African Americans now make up about 14% of the students at Ole Miss. Two recent student-body presidents were black, as is this year’s chair of the alumni association. “The KKK, like most racism, is on the way out in Mississippi,” says Brent Caldwell, president of the College Democrats at the university. “If [Klan members] come, both black and white students here at the university will protest,” adds Black Students’ Union president Brittany Smith. “This is not the same Ole Miss as it was 50 or 60 years ago.” College Republicans president Tyler Craft agrees. “Is it perfect? I don’t think so. Obviously it’s not, or else there wouldn’t be some small minority claiming that they’re coming here as the Klan,” he says. “But I think we’re heading in the right direction.”

Still, there are some cracks in this apparently united front. A quiet but frank minority of students at Ole Miss say racial tensions still exist. They point to the Confederate-soldier monument that stands just 100 yards from the statue saluting James Meredith, who led the 1962 integration of Ole Miss at age 29. (Meredith himself reportedly told a small group of student journalists that he was not permitted to speak at his own 2006 statue dedication; a University spokesman denies this, saying Meredith declined to speak of his own accord.) These students cite self-segregated fraternity houses, dorms, parties and tailgates as evidence that the campus is not as hungry for change as some students might suggest.

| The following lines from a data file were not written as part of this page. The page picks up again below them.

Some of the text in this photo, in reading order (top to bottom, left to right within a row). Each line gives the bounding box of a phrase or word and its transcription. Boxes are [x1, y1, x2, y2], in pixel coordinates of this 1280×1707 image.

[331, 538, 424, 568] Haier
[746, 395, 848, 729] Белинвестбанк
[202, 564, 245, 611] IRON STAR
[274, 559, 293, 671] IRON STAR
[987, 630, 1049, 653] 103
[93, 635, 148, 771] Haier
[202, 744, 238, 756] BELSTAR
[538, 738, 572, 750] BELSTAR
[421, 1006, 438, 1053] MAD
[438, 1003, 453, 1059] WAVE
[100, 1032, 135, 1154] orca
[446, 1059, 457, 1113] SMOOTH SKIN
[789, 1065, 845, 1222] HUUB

And sometimes they cite personal experience. As a new freshman last September, Jeremiah Taylor accompanied his white roommate to a fraternity party where he was the only African American in attendance. He says a partygoer, noticing him, commented, “Oh my God, I can’t believe there’s a nigger here.” When Taylor turned to go, one student threw a beer can at him and some others pushed him down the stairs. In the ensuing weeks, he says many students suggested that by going to “their party” — meaning one for whites only — he had been looking for trouble. “I’m not in the fraternity circle,” he says. “I don’t know which parties you can go to and which you can’t.” After a university investigation, the fraternity members were suspended from conducting rush activities for one year and required to do community service and undergo racial sensitivity training.

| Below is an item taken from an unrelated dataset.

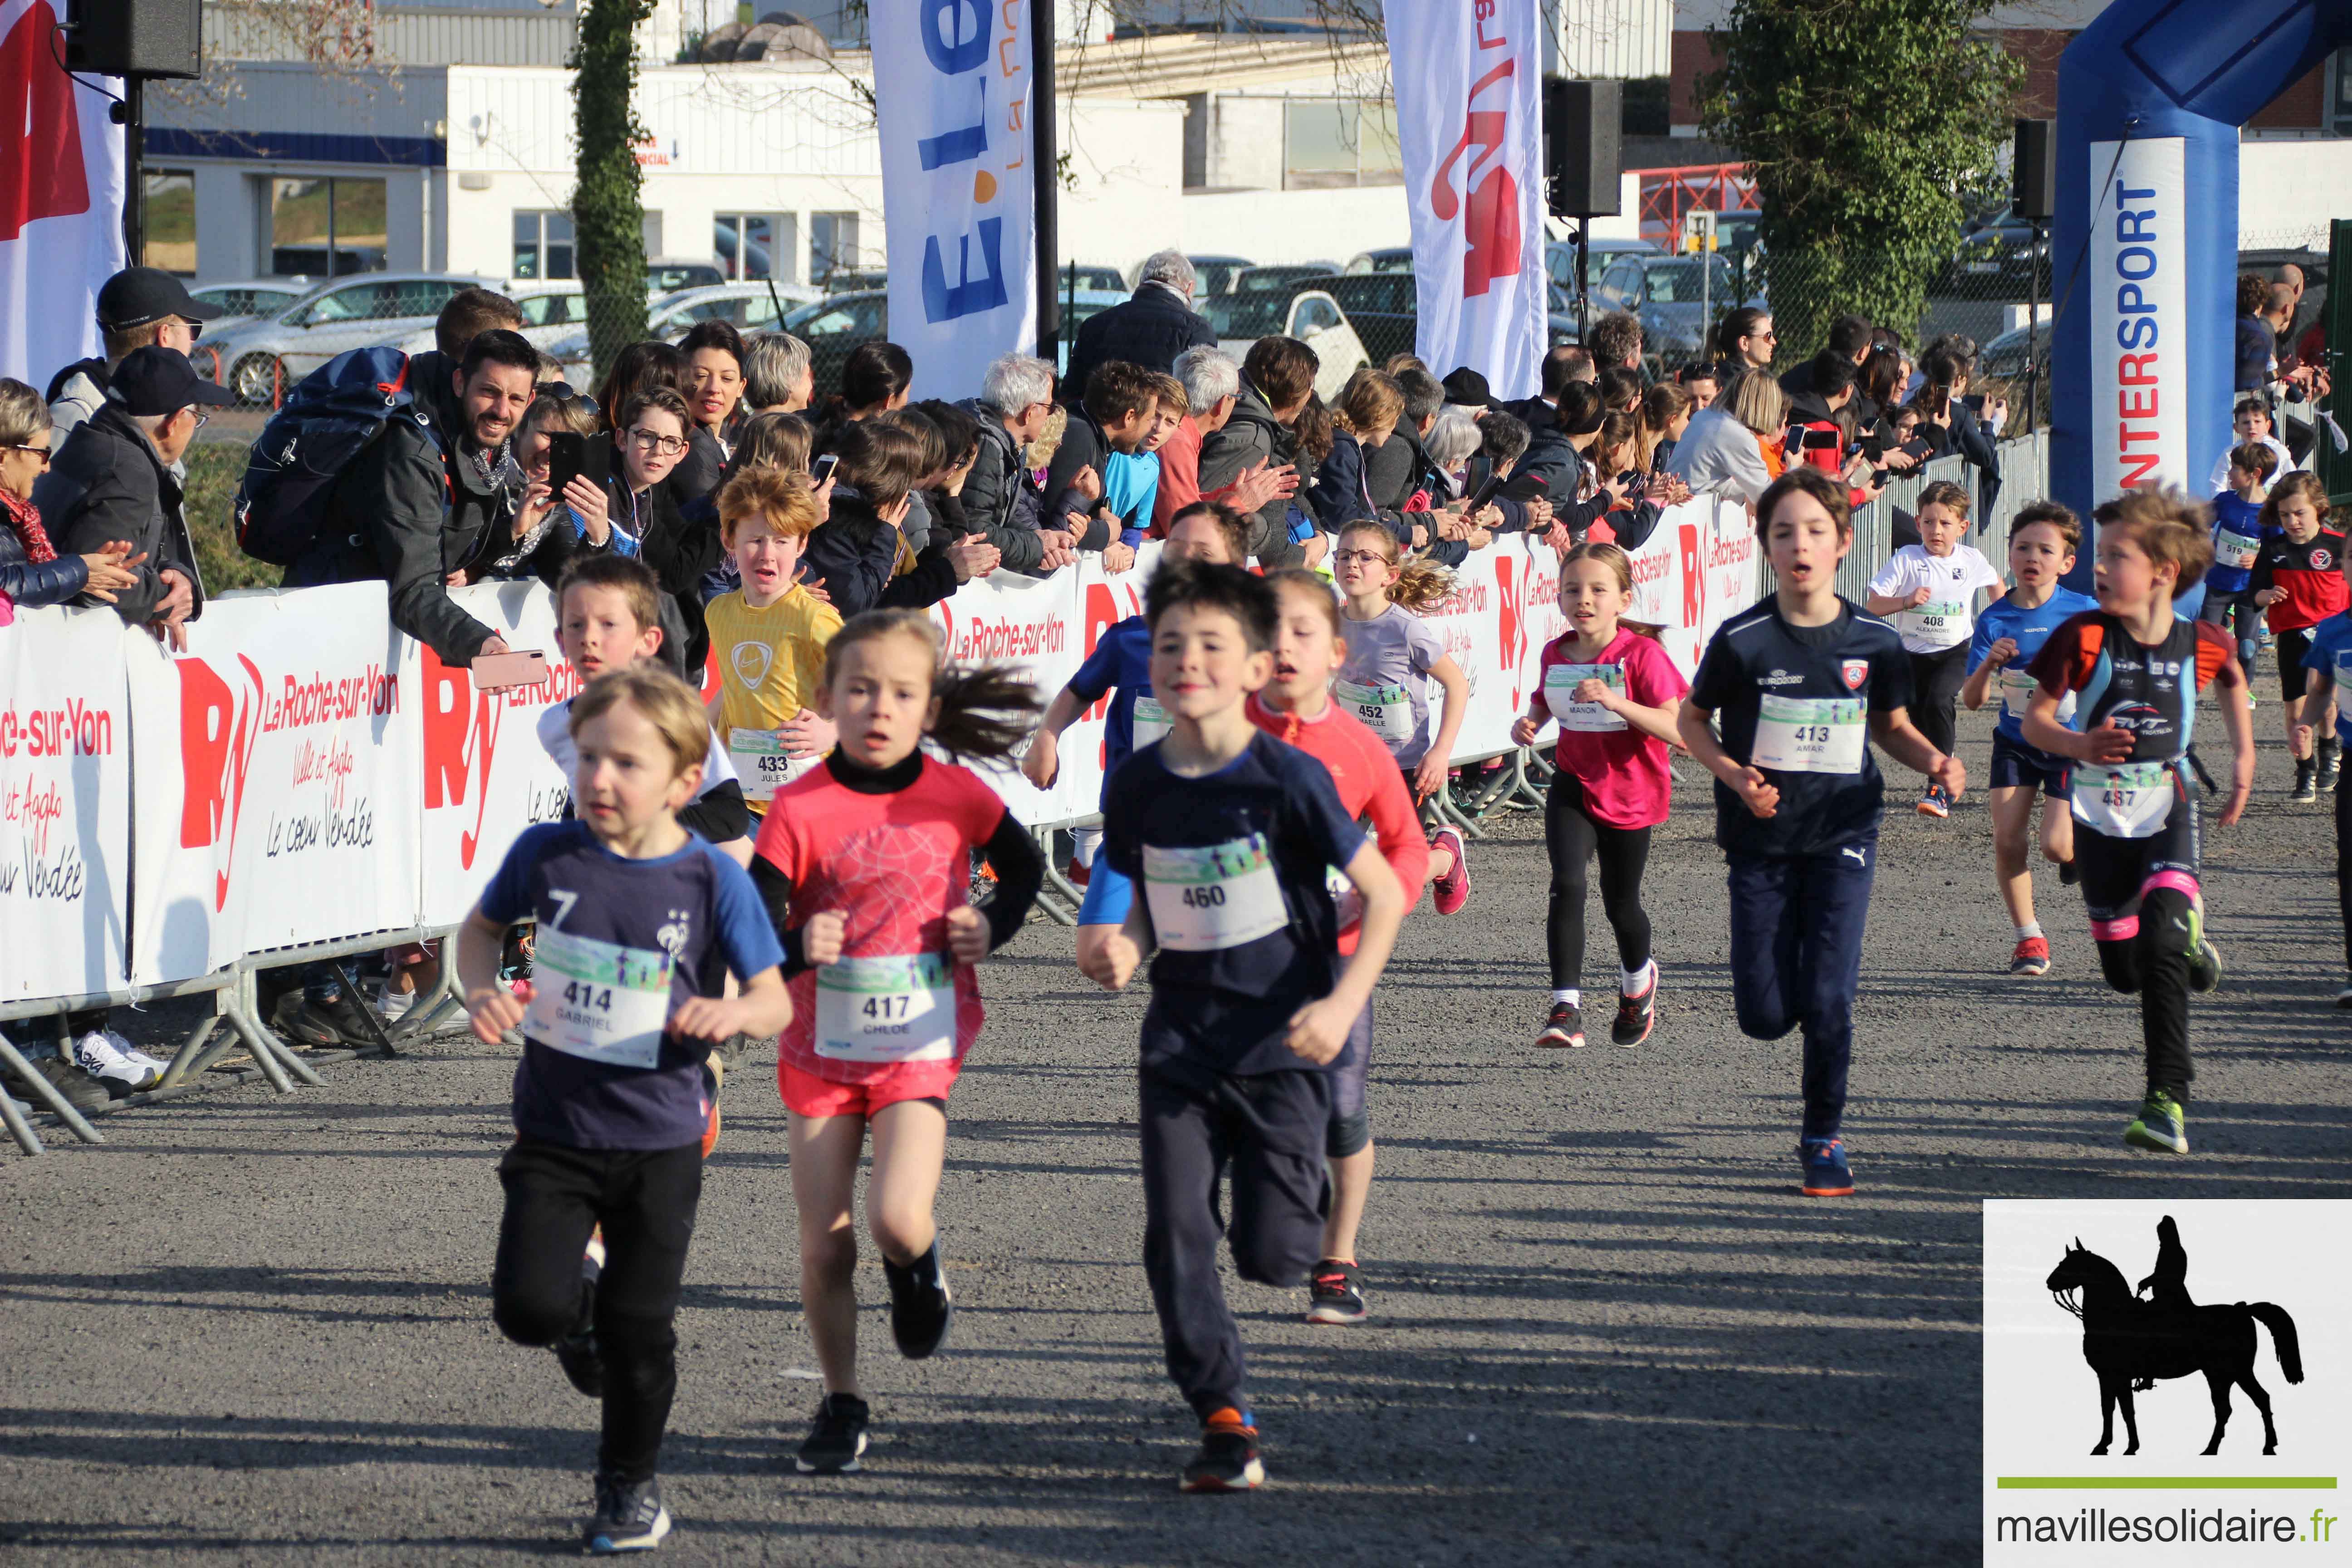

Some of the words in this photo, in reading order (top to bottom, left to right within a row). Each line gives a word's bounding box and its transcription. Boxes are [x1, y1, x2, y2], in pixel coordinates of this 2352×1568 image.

Not surprisingly, Taylor is one person on campus who worries that some students may be more receptive than they let on to the Klan’s message. And indeed, the Emperor of the KKK claims that after the Daily Mississippian published a story containing his e-mail address, the Klan received “a number of inquiries” for new membership — including some from the university’s students.

Susan Glisson, the executive director of Ole Miss’s William Winter Institute for Racial Reconciliation, notes that a smattering of groups working against racial strife have sprung up in recent years and that any viable candidate for student-body president must now include race reconciliation as part of his or her platform. Still, Glisson admits that racial tension “is a substantial problem.”

Racial tension, of course, is not unique to Ole Miss — just this Tuesday an Obama effigy was found hanging from a tree at George Fox University in Oregon, accompanied by graffiti mentioning a scholarship program for minority and low-income students — and neither are self-segregated parties, frats, dorms or social gatherings. Many Ole Miss students, in fact, say their school comes under unfair scrutiny because of its past.

But ultimately, students and administrators say they hope the controversy over the debate will continue to advance the dialogue about race on campus and around the country. As Glisson puts it optimistically, “Bad speech leads to good speech.”